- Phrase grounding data
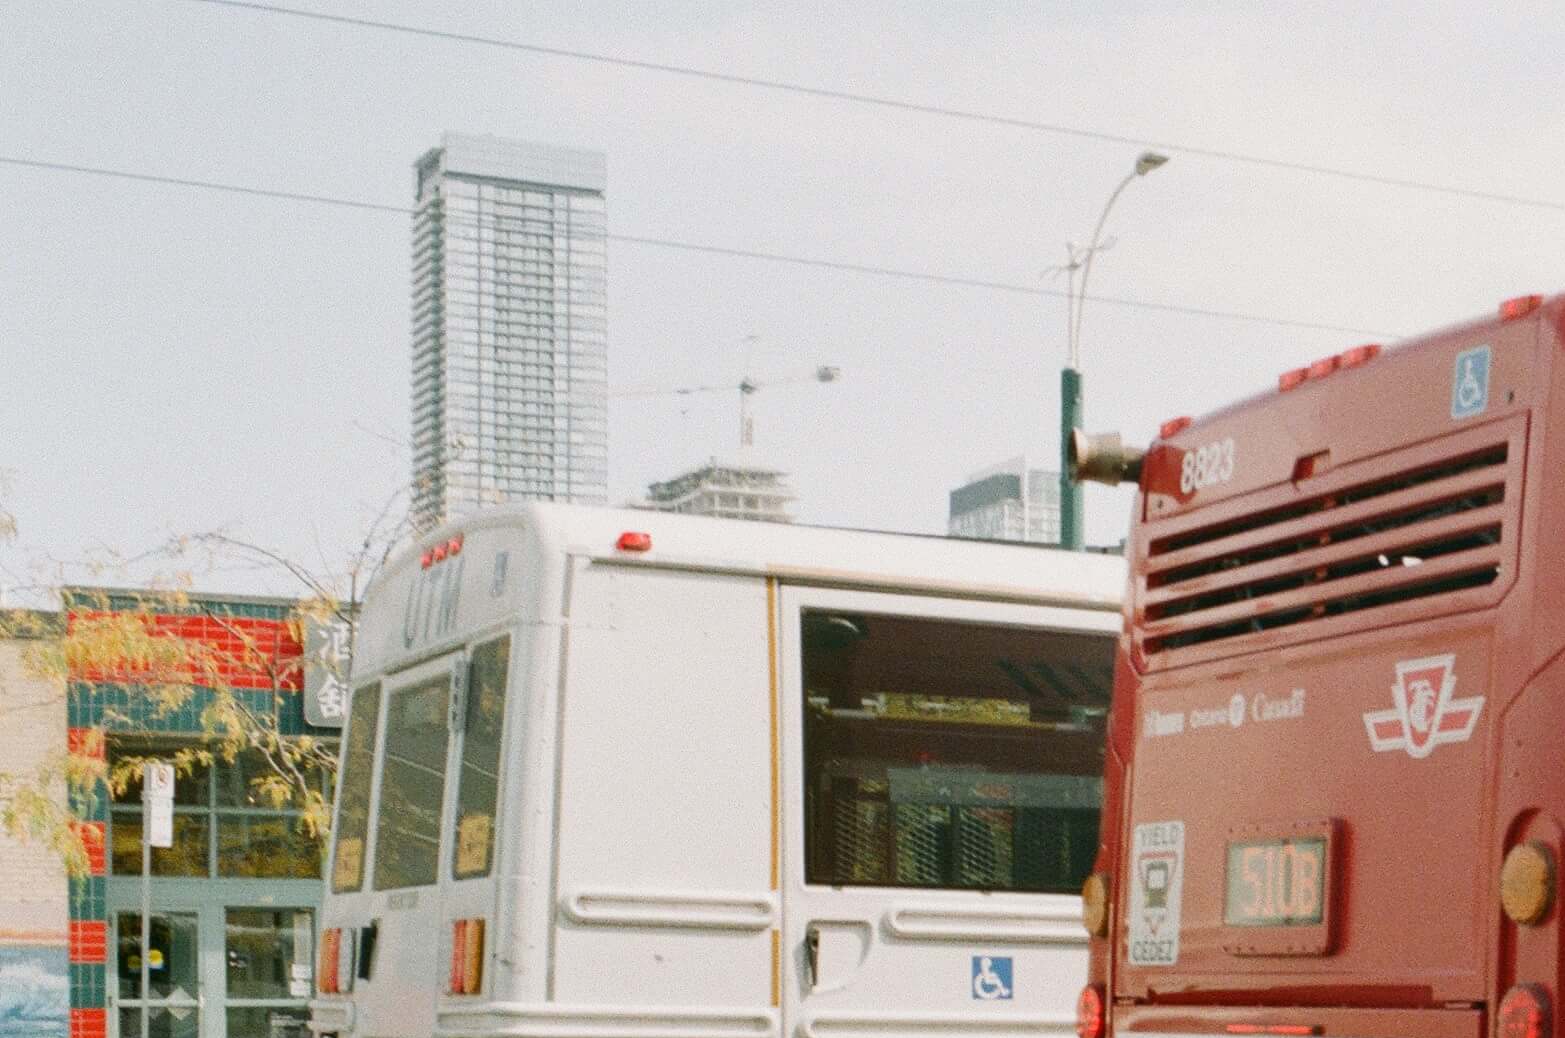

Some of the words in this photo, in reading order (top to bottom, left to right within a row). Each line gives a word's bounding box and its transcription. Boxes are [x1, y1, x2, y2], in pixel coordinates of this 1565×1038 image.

[1181, 438, 1233, 494] 8823
[1141, 824, 1180, 848] YIELD
[1242, 844, 1319, 917] 510B
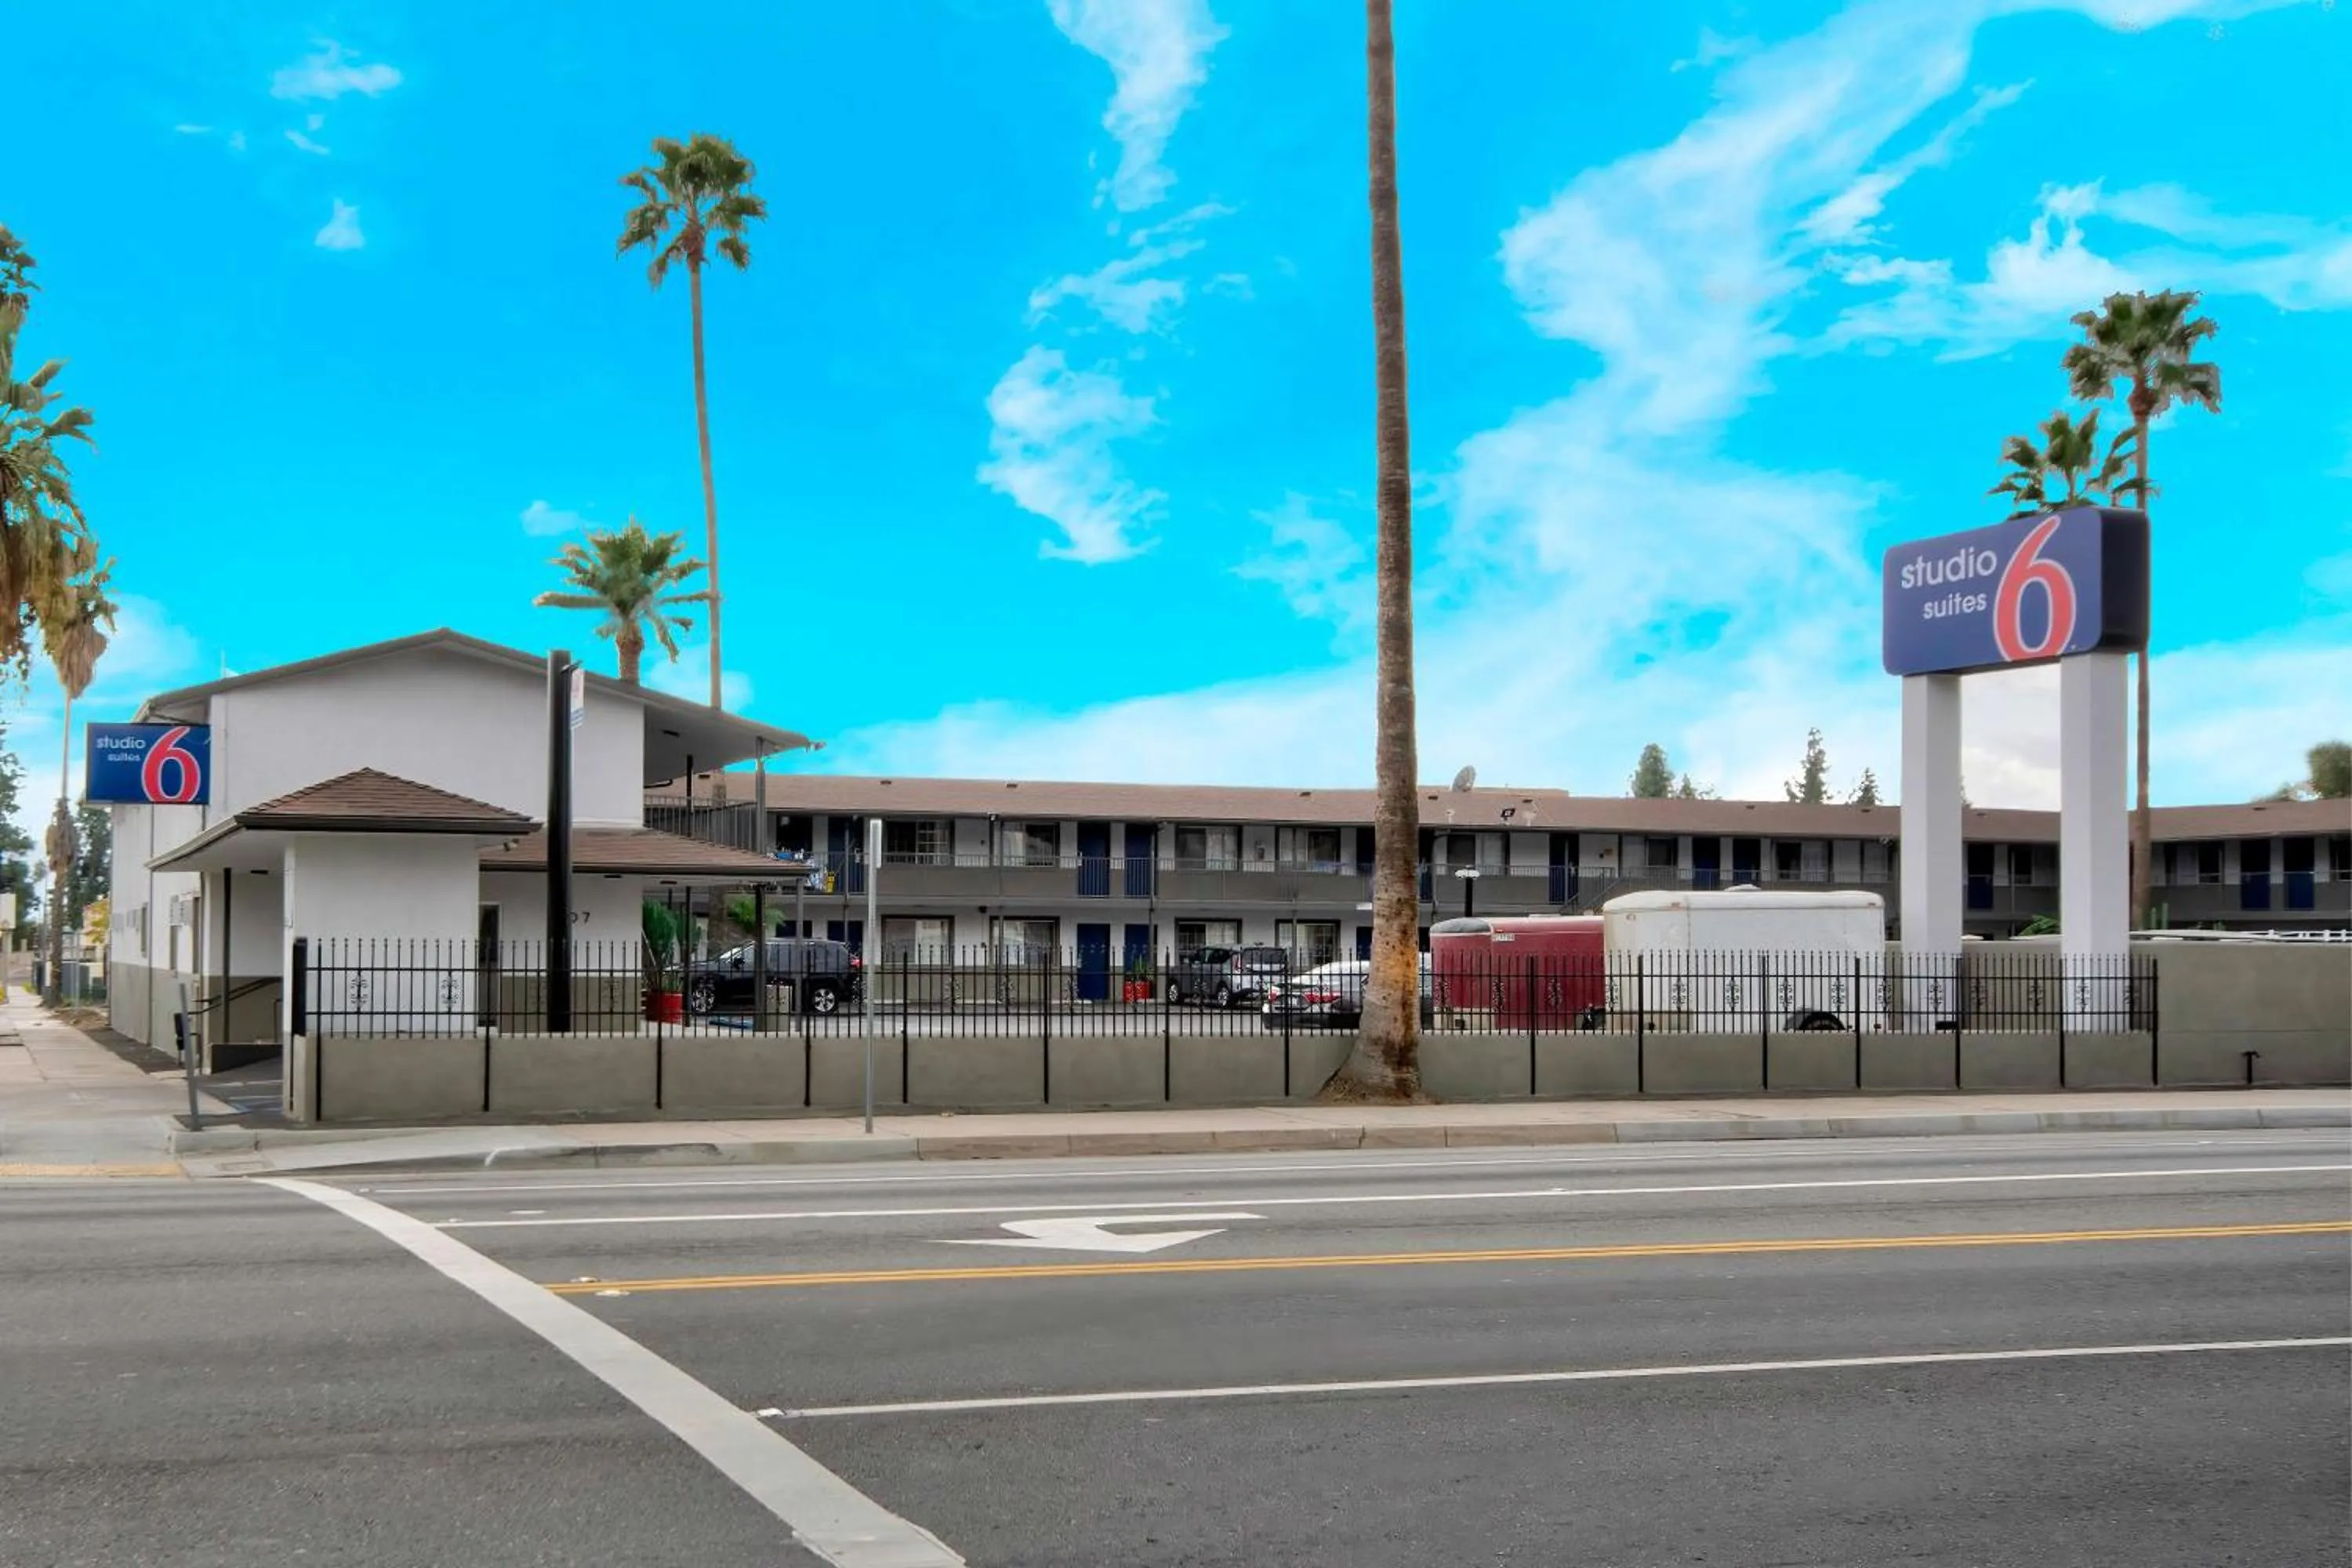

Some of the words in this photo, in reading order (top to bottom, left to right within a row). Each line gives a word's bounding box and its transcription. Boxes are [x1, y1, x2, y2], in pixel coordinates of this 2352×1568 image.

[1901, 546, 1997, 589] studio
[1993, 514, 2076, 662] 6
[1923, 593, 1987, 619] suites
[96, 735, 147, 749] studio
[107, 753, 141, 761] suites
[141, 726, 201, 802] 6
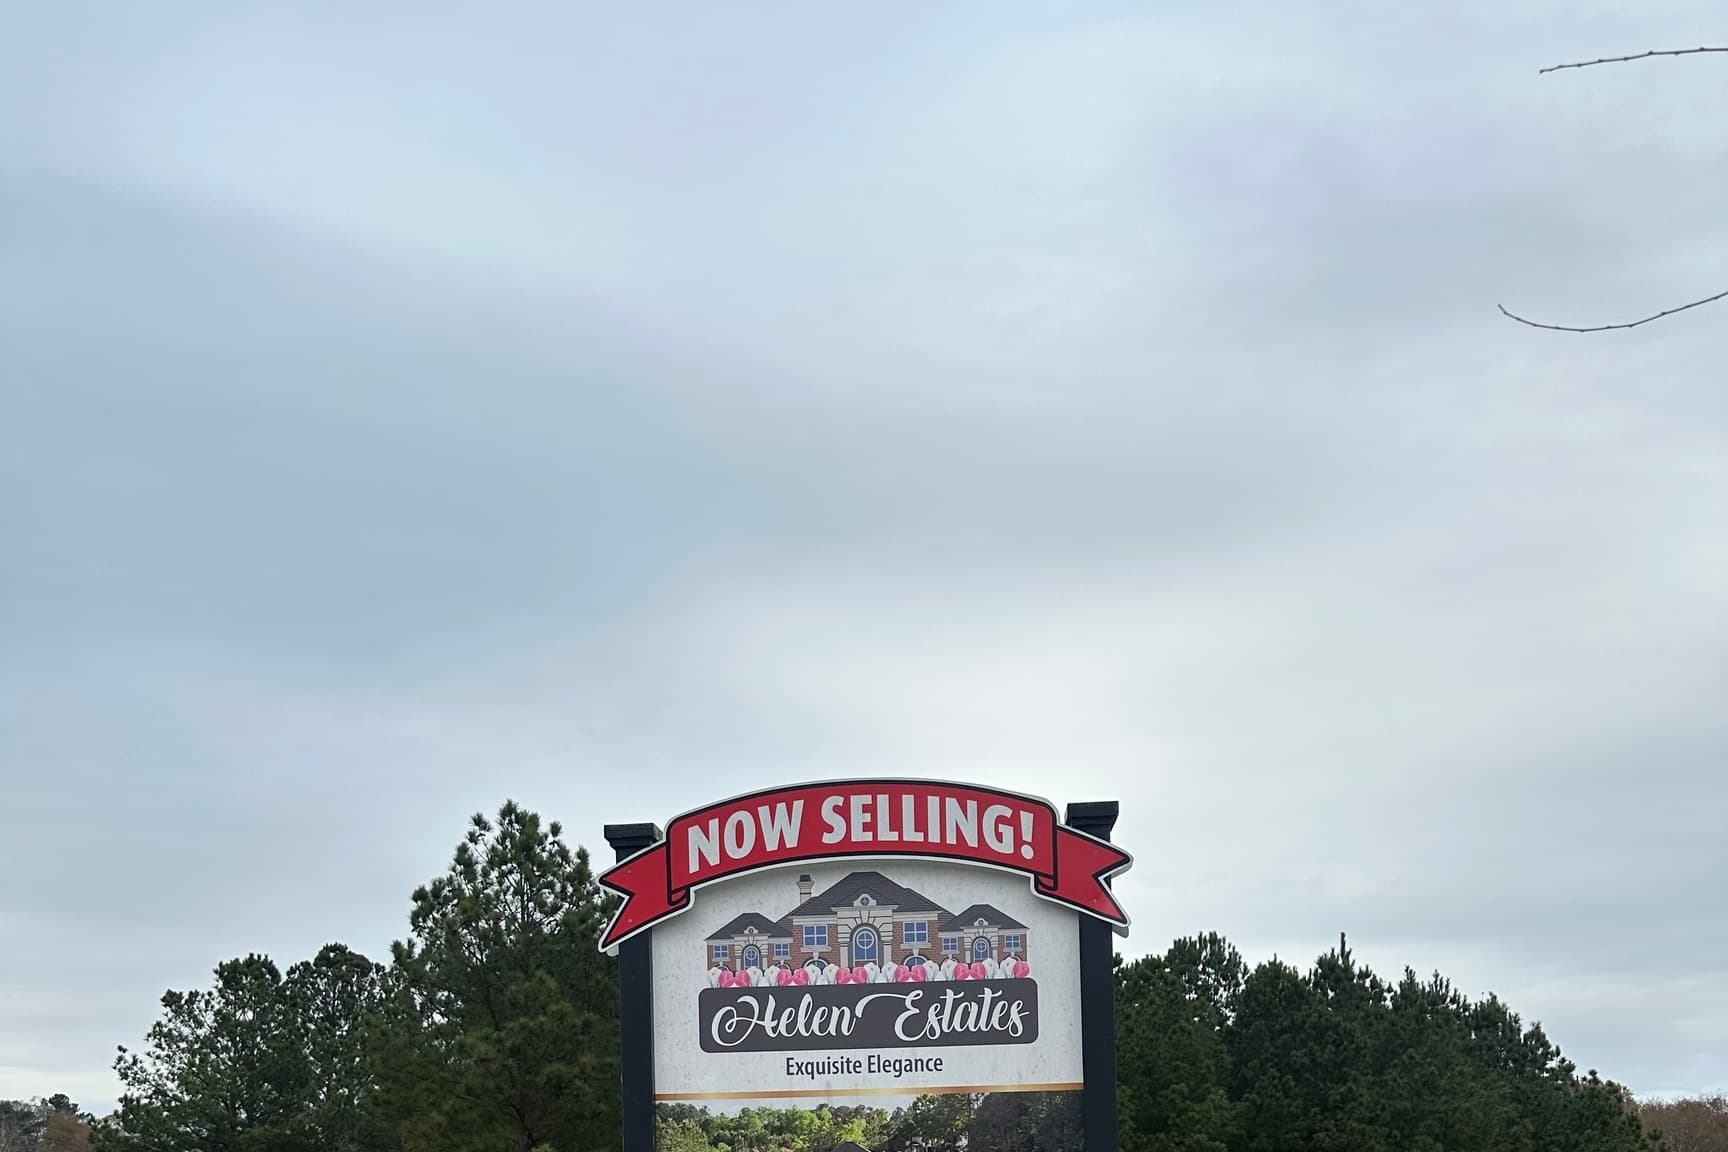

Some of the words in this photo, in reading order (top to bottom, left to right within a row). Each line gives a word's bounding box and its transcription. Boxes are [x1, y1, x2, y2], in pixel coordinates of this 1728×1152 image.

- Aim of the exercise
Every record above must be printed exactly, except for its images.

- Solution to the exercise
Some of the words in this photo, in reading order (top to bottom, left to right within a row). Each line gives a word's bounding box and its transcription. Boxes are [x1, y1, x2, y2], in pixel coordinates of this 1565×1038 image.

[1181, 438, 1233, 494] 8823
[1141, 824, 1180, 848] YIELD
[1242, 844, 1319, 917] 510B

Some of the words in this photo, in reading order (top to bottom, left to right within a row). Each line gives a word's bounding box and its transcription. Boxes are [x1, y1, x2, y2], in pixel coordinates of this 2352×1568 image.

[1901, 546, 1997, 589] studio
[1993, 514, 2076, 662] 6
[1923, 593, 1987, 619] suites
[96, 735, 147, 749] studio
[107, 753, 141, 761] suites
[141, 726, 201, 802] 6

Some of the words in this photo, in reading order (top to bottom, left to right within a row). Each line gives a word's bounding box and its transcription. Boxes are [x1, y1, x2, y2], in pixel coordinates of this 1728×1152 image.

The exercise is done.